While scheduled payments from the amortization of loans and MBS and payments on short-term investments are relatively predictable sources of funds, deposit flows, prepayments on loans and MBS, and calls of investment securities are greatly influenced by general interest rates, economic conditions, and competition, and are less predictable sources of funds. To the extent possible, the Bank manages the cash flows of its loan and deposit portfolios by the rates it offers customers. We anticipate we will continue to have sufficient funds, through the repayments and maturities of loans and securities, deposits and borrowings, to meet our current commitments.

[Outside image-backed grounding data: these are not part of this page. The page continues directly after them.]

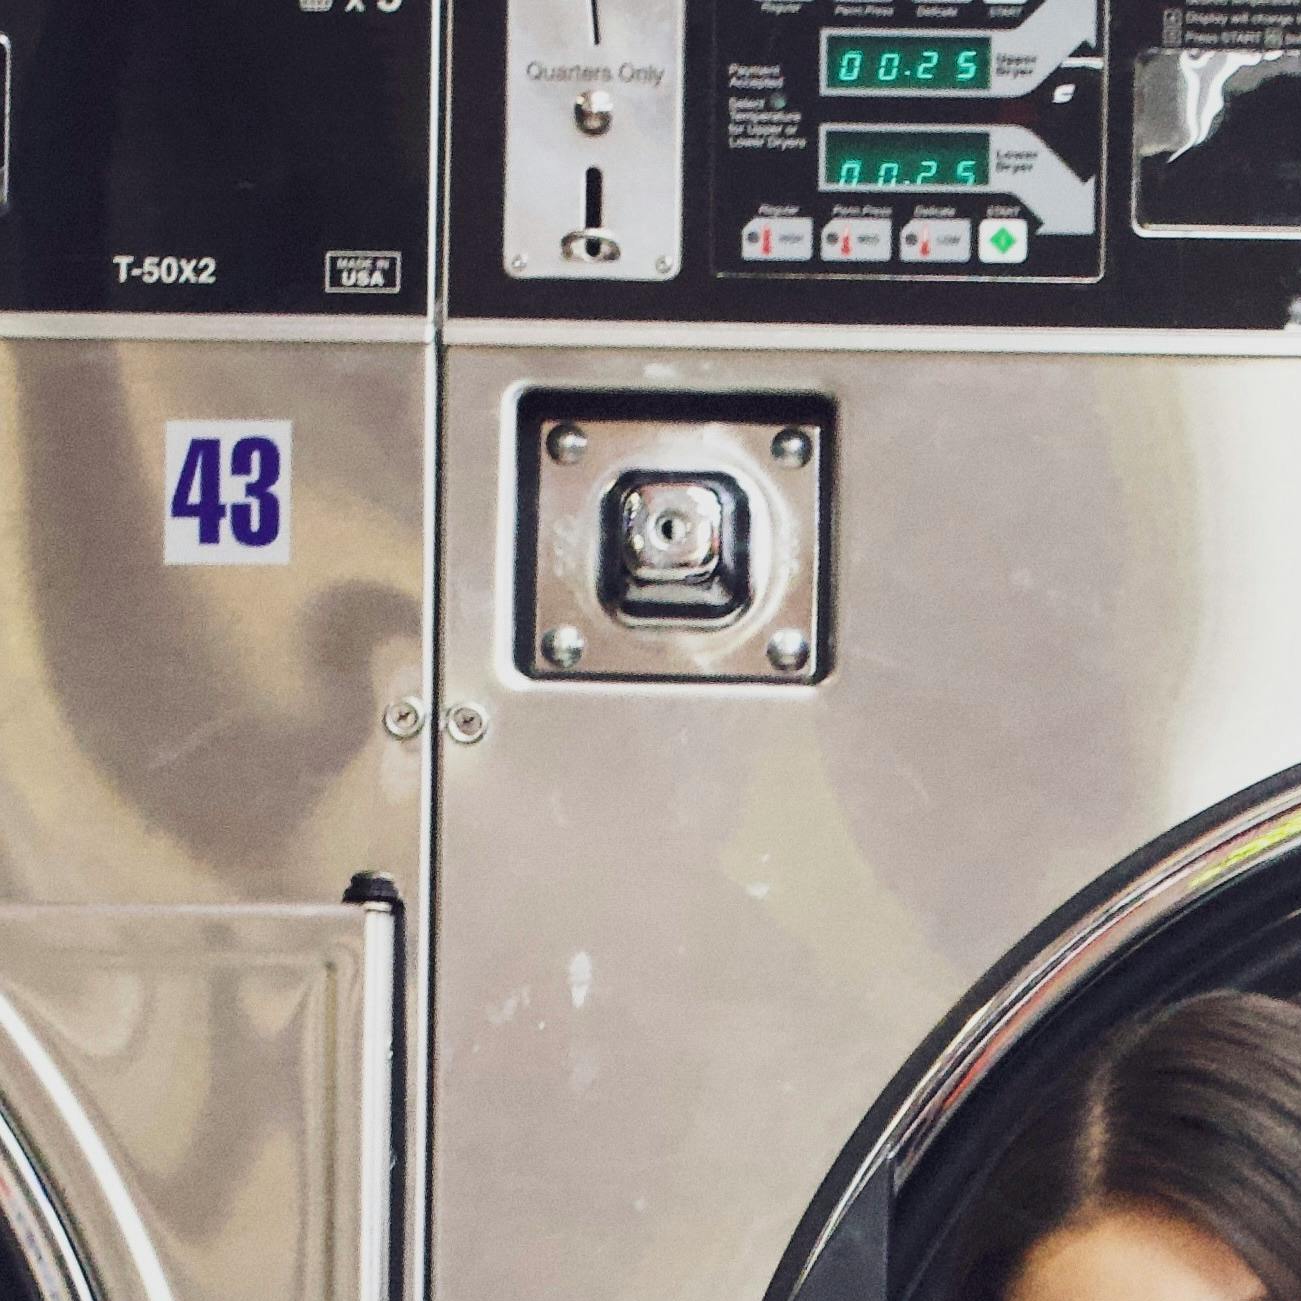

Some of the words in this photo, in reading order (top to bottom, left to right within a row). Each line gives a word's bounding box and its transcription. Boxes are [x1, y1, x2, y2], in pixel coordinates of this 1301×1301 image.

[525, 60, 612, 83] Quarters
[618, 61, 665, 87] Only
[996, 67, 1034, 79] Dryer
[728, 137, 764, 149] Lower
[767, 137, 807, 151] Dryers
[996, 149, 1038, 160] Lower
[996, 162, 1034, 175] Dryer
[112, 255, 217, 285] T-50X2
[336, 258, 374, 270] MADE
[376, 258, 391, 270] IN
[340, 270, 385, 288] USA
[170, 436, 281, 547] 43

Limitations on Dividends and Other Capital Distributions
Office of the Comptroller of the Currency ("OCC") regulations impose restrictions on savings institutions with respect to their ability to make distributions of capital, which include dividends and other transactions charged to the capital account. Under FRB and OCC safe harbor regulations, savings institutions generally may make capital distributions during any calendar year equal to earnings of the previous two calendar years and current year-to-date earnings (to the extent not previously distributed). A savings institution that is a subsidiary of a savings and loan holding company, such as the Company, that proposes to make a capital distribution must submit written notice to the OCC and FRB 30 days prior to such distribution. The OCC and FRB may object to the distribution during that 30-day period based on safety and soundness or other concerns. Savings institutions that desire to make a larger capital distribution, are under special restrictions, or are not, or would not be, sufficiently capitalized following a proposed capital distribution must obtain regulatory non-objection prior to making such a distribution.

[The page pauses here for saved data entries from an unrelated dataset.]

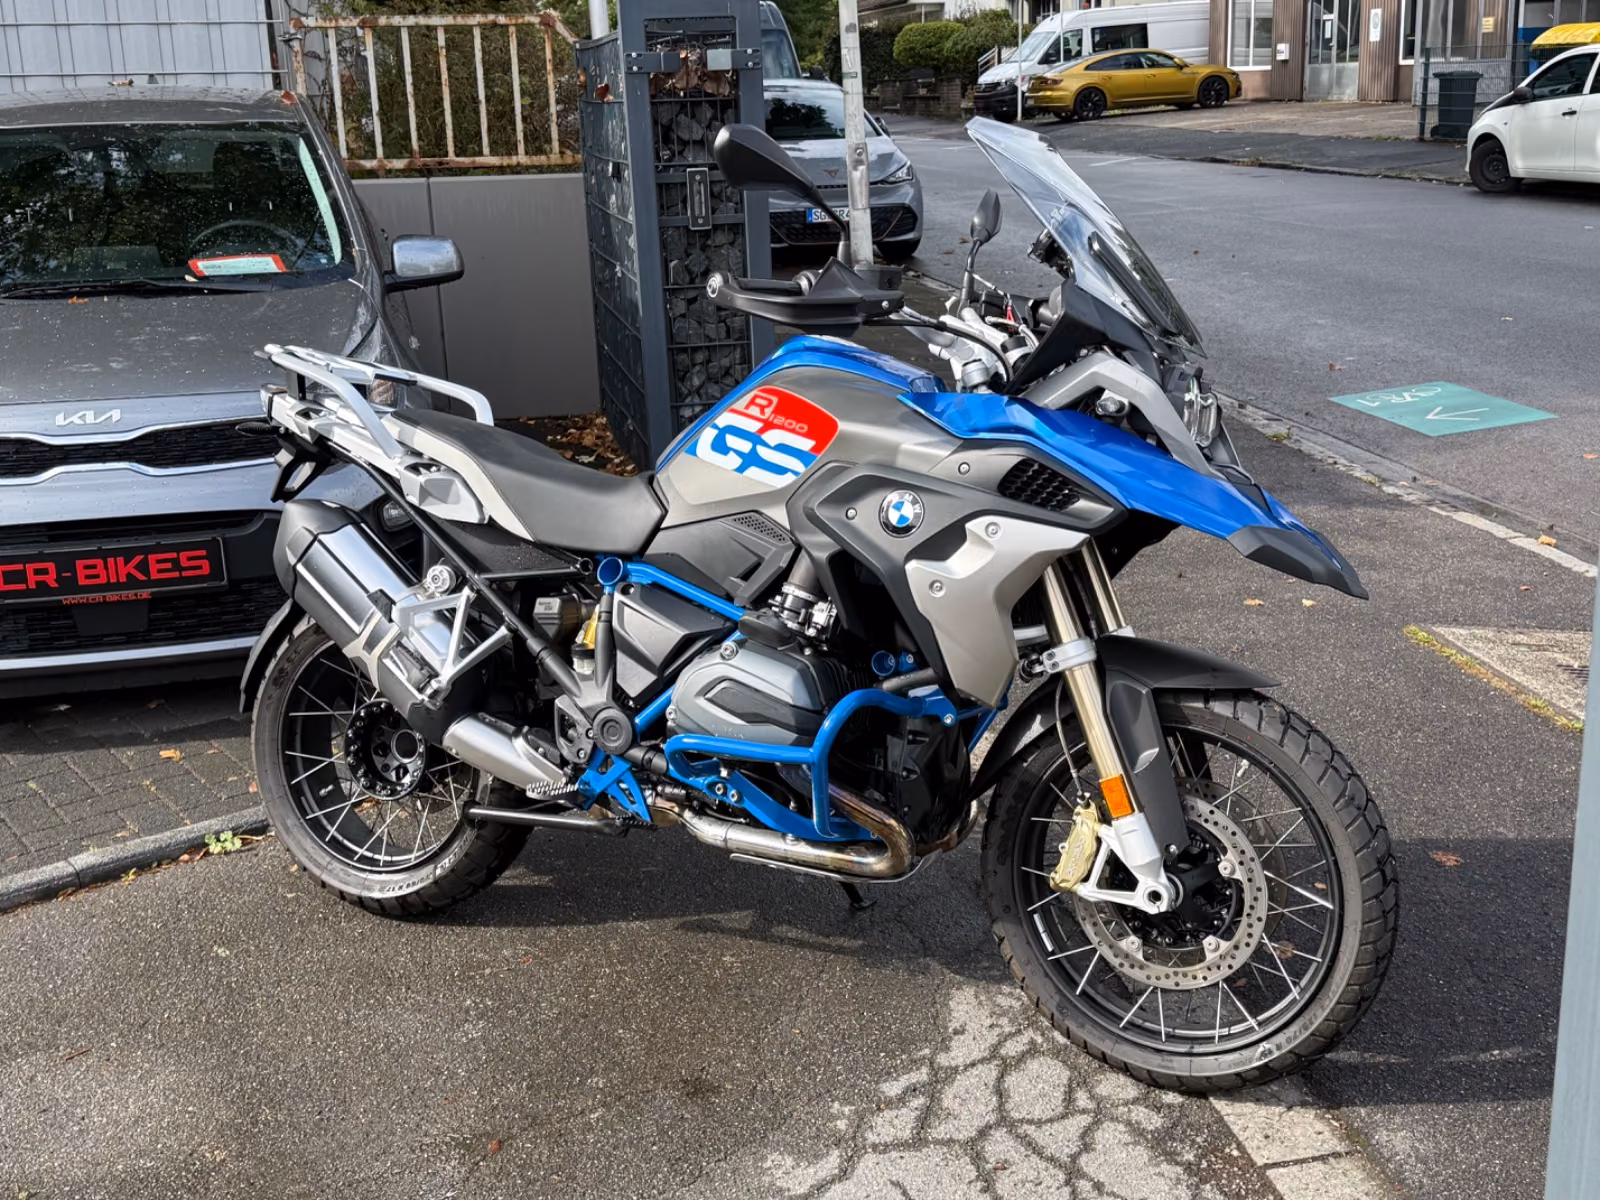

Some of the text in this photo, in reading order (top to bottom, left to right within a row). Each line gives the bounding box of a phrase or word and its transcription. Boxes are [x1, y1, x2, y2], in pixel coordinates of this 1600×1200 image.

[744, 393, 775, 417] R
[55, 408, 121, 427] KIA
[768, 414, 808, 433] 1200
[696, 411, 816, 488] GS
[0, 549, 211, 592] CR-BIKES

The long-term ability of the Company to pay dividends to its stockholders is based primarily upon the ability of the Bank to make capital distributions to the Company. So long as the Bank remains well capitalized after each capital distribution (as evidenced by maintaining regulatory capital ratios greater than the required percentages) and operates in a safe and sound manner, it is management's belief that the OCC and FRB will continue to allow the Bank to distribute its earnings to the Company, although no assurance can be given in this regard. Management continues to evaluate the timing and amount of capital distributions to be made from the Bank to the holding company during the remainder of the current fiscal year and in future periods in connection with the tax issues associated with the Bank's pre-1988 bad debt recapture. See additional discussion regarding the Bank's pre-1988 bad debt recapture in "Comparison of Operating Results for the Three Months Ended June 30, 2024 and March 31, 2024", "Item 1. Financial Statements - Note 6. Income Taxes", and "Item 1A. Risk Factors".
Regulatory Capital
Consistent with our goal to operate a sound and profitable financial organization, we actively seek to maintain a well-capitalized status for the Bank per the regulatory framework for prompt corrective action ("PCA"). Qualifying institutions that elect to use the CBLR framework, such as the Bank and the Company, that maintain the required minimum leverage ratio of 9.0% will be considered to have satisfied the generally applicable risk-based and leverage capital requirements in the regulatory agencies' capital rules, and to have met the capital requirements for the well capitalized category under the agencies' PCA framework. As of June 30, 2024, the Bank's CBLR was 9.1% and the Company's CBLR was 10.0%, which exceeded the minimum requirements. The Bank's risk-based tier 1 capital ratio at June 30, 2024 was 16.0%.